Erasmus, Adagia 226:
Ἰλιὰς κακῶν, that is, an Iliad of troubles; used when speaking of the greatest and most numerous calamities, because in Homer’s Iliad there is no type of problem which isn’t covered. For this reason, the learned think that the premises of tragedies were taken from it, just as the plots of comedies were taken from the Odyssey. It is, however, a rather wordy work, hardly finished in twenty-four volumes. Thus, they call any speech which is a little more prolix than necessary ‘longer than the Iliad,’ as Aeschines, against Demosthenes wrote, ‘Ταῦτα δὲ εἰπὼν δίδωσιν ἀναγνῶναι ψήφισμα τῷ γραμματεῖ, μακρότερον μὲν τῆς Ἰλιάδος, κενώτερον δὲ τῶν λόγων οὓς εἴωθε λέγειν’ that is, ‘with these words he gave the decision to the scribe to be read, more long-winded than the Iliad, but more empty than the words with which he usually speaks.’

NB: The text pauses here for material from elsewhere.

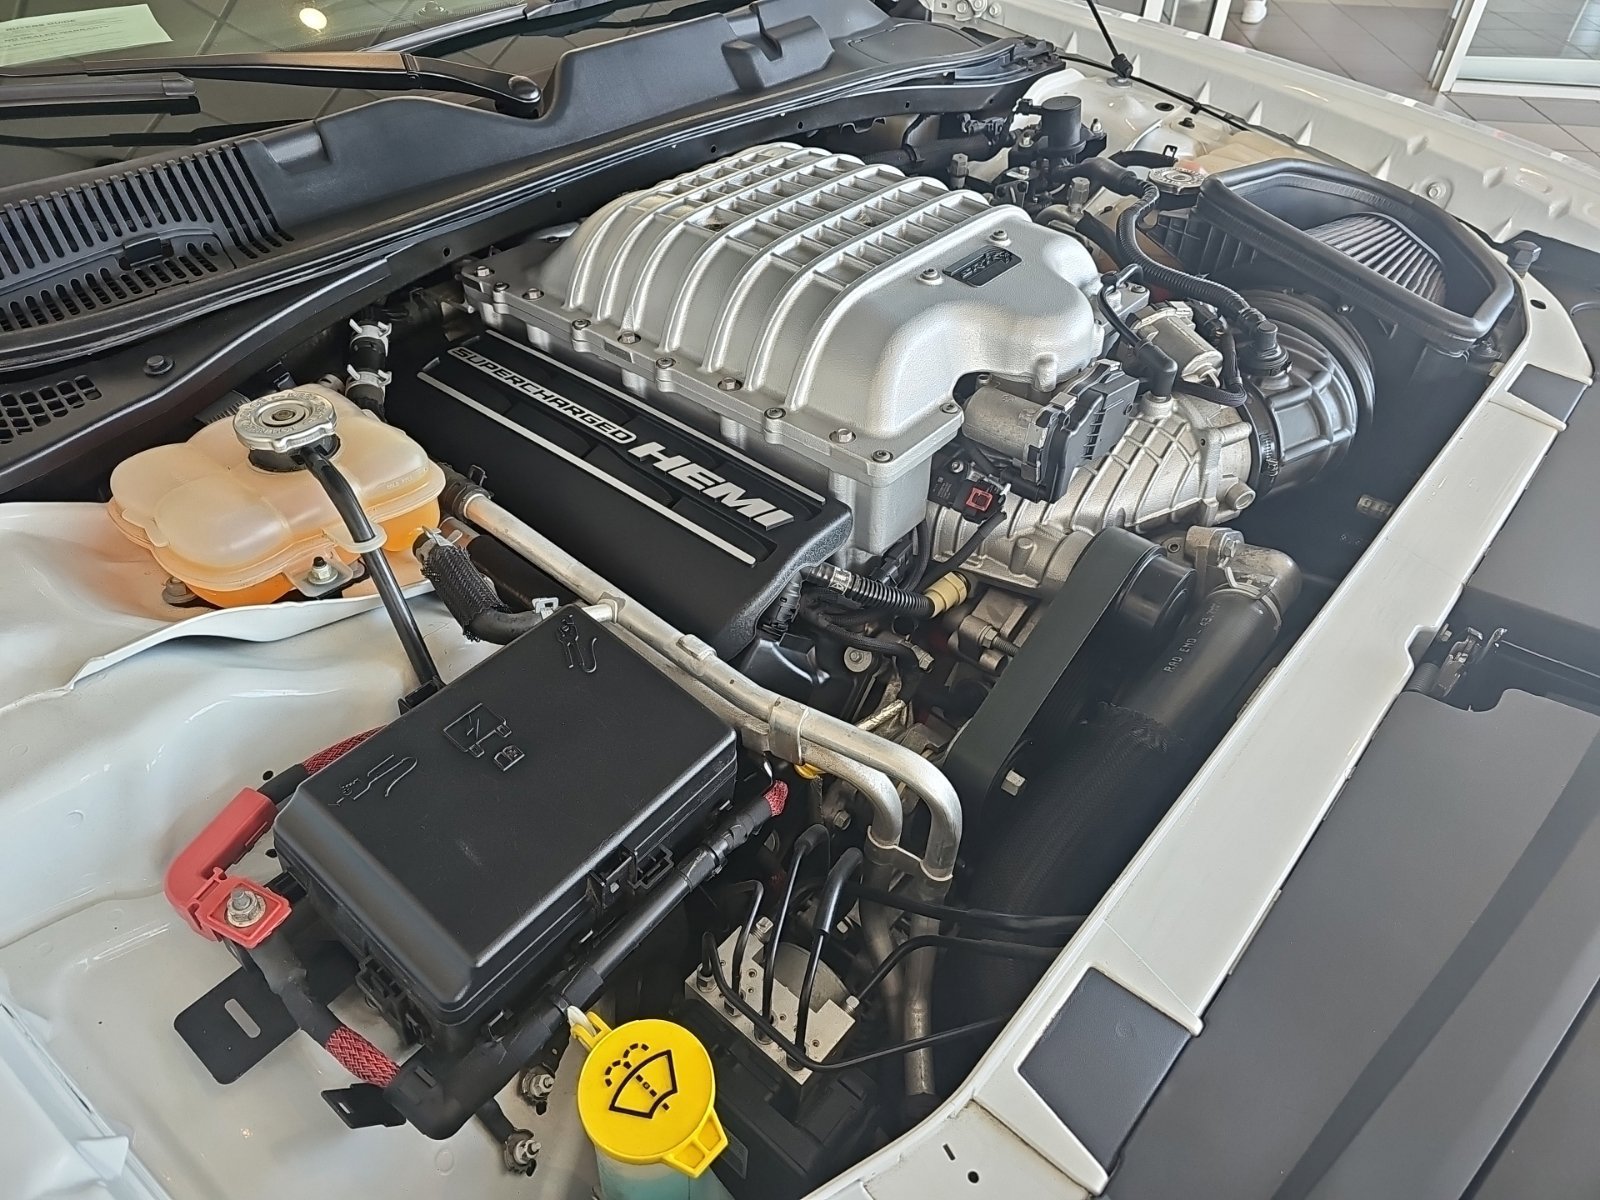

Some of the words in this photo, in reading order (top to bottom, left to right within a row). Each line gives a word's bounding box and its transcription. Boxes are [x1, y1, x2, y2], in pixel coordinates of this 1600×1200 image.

Eustathius inverts the saying thus: ‘Καὶ παροιμία μέντοι κακῶν Ἰλιάδα φησίν, αὕτη δὲ καλοῦ παντὸς Ἰλιάς,’ that is, ‘the proverb says an Iliad of troubles, but this is an Iliad of everything good.’ Synesius writes in a letter to his brother, Καὶ ὅλως κακῶν ἂν Ἰλιάς περιέστη τὴν πόλιν ἡμῶν, that is, ‘in sum, an Iliad of troubles has surrounded our city.’ Plutarch, in his Conjugal Precepts, writes, ‘Ὁ δὲ ἐκείνων Ἰλιάδα κακῶν Ἕλλησι καὶ βαρβάροις ἐποίησεν,’ that is, ‘but their marriage rites brought a whole Iliad of troubles upon the Greeks and the barbarians.’ For he is talking about the wedding of Paris and Helen, which was the cause of inestimable troubles. Cicero, too, uses this expression in his letters to Atticus: ‘such a great Iliad of troubles hangs over us.’
Ἰλιὰς κακῶν, id est Ilias malorum. De calamitatibus maximis simul et plurimis. Propterea quod in Iliade Homerica nullum mali genus non recensetur. Vnde ex hac docti putant tragoediarum argumenta fuisse sumpta, sicut ex Odyssea comoediarum. Est autem opus verbosum, viginti quatuor voluminibus vix absolutum. Vnde et quamuis orationem plus satis prolixam Iliade longiorem vocant, vt Aeschines aduersus Demosthenem. Ταῦτα δὲ εἰπὼν δίδωσιν ἀναγνῶναι ψήφισμα τῷ γραμματεῖ, μακρότερον μὲν τῆς Ἰλιάδος, κενώτερον δὲ τῶν λόγων οὓς εἴωθε λέγειν, id est His dictis decretum scribae legendum tradit, prolixius quidem lliade, vanius autem verbis iis quae dicere consueuit.
Eustathius inuertit adagionem ad hunc modum: Καὶ παροιμία μέντοι κακῶν Ἰλιάδα φησίν, αὕτη δὲ καλοῦ παντὸς Ἰλιάς, id est Iliadem malorum prouerbium ait, at haec omnium bonorum llias. Synesius in epistola quadam ad fratrem: Καὶ ὅλως κακῶν ἂν Ἰλιάς περιέστη τὴν πόλιν ἡμῶν, id est In summa, malorum Ilias circunstetit vrbem nostram. Plutarchus in Praeceptis coniugalibus: Ὁ δὲ ἐκείνων Ἰλιάδα κακῶν Ἕλλησι καὶ βαρβάροις ἐποίησεν, id est At illorum nuptiae Iliada malorum Graecis ac barbaris inuexerunt. Loquitur enim de coniugio Paridis et Helenae, quod inaestimabilium malorum fuit causa. Vtitur et M. Tullius in Epistolis ad Atticum: Tanta malorum impendet Ilias.